> EXERCISE OBJECTIVE: All of the entries should be written out again exactly.

> INFORMATION:
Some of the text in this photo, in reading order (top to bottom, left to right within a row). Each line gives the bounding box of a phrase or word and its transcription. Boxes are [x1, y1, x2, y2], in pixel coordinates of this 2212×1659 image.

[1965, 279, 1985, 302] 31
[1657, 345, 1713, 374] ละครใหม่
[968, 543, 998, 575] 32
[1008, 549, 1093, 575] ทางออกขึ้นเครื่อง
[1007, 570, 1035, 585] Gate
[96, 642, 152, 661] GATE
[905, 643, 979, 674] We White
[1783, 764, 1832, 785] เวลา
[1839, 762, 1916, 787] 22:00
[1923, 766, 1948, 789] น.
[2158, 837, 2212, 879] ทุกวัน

> RESULT OF THIS TASK:
Some of the text in this photo, in reading order (top to bottom, left to right within a row). Each line gives the bounding box of a phrase or word and its transcription. Boxes are [x1, y1, x2, y2], in pixel coordinates of this 2212×1659 image.

[1965, 279, 1985, 302] 31
[1657, 345, 1713, 374] ละครใหม่
[968, 543, 998, 575] 32
[1008, 549, 1093, 575] ทางออกขึ้นเครื่อง
[1007, 570, 1035, 585] Gate
[96, 642, 152, 661] GATE
[905, 643, 979, 674] We White
[1783, 764, 1832, 785] เวลา
[1839, 762, 1916, 787] 22:00
[1923, 766, 1948, 789] น.
[2158, 837, 2212, 879] ทุกวัน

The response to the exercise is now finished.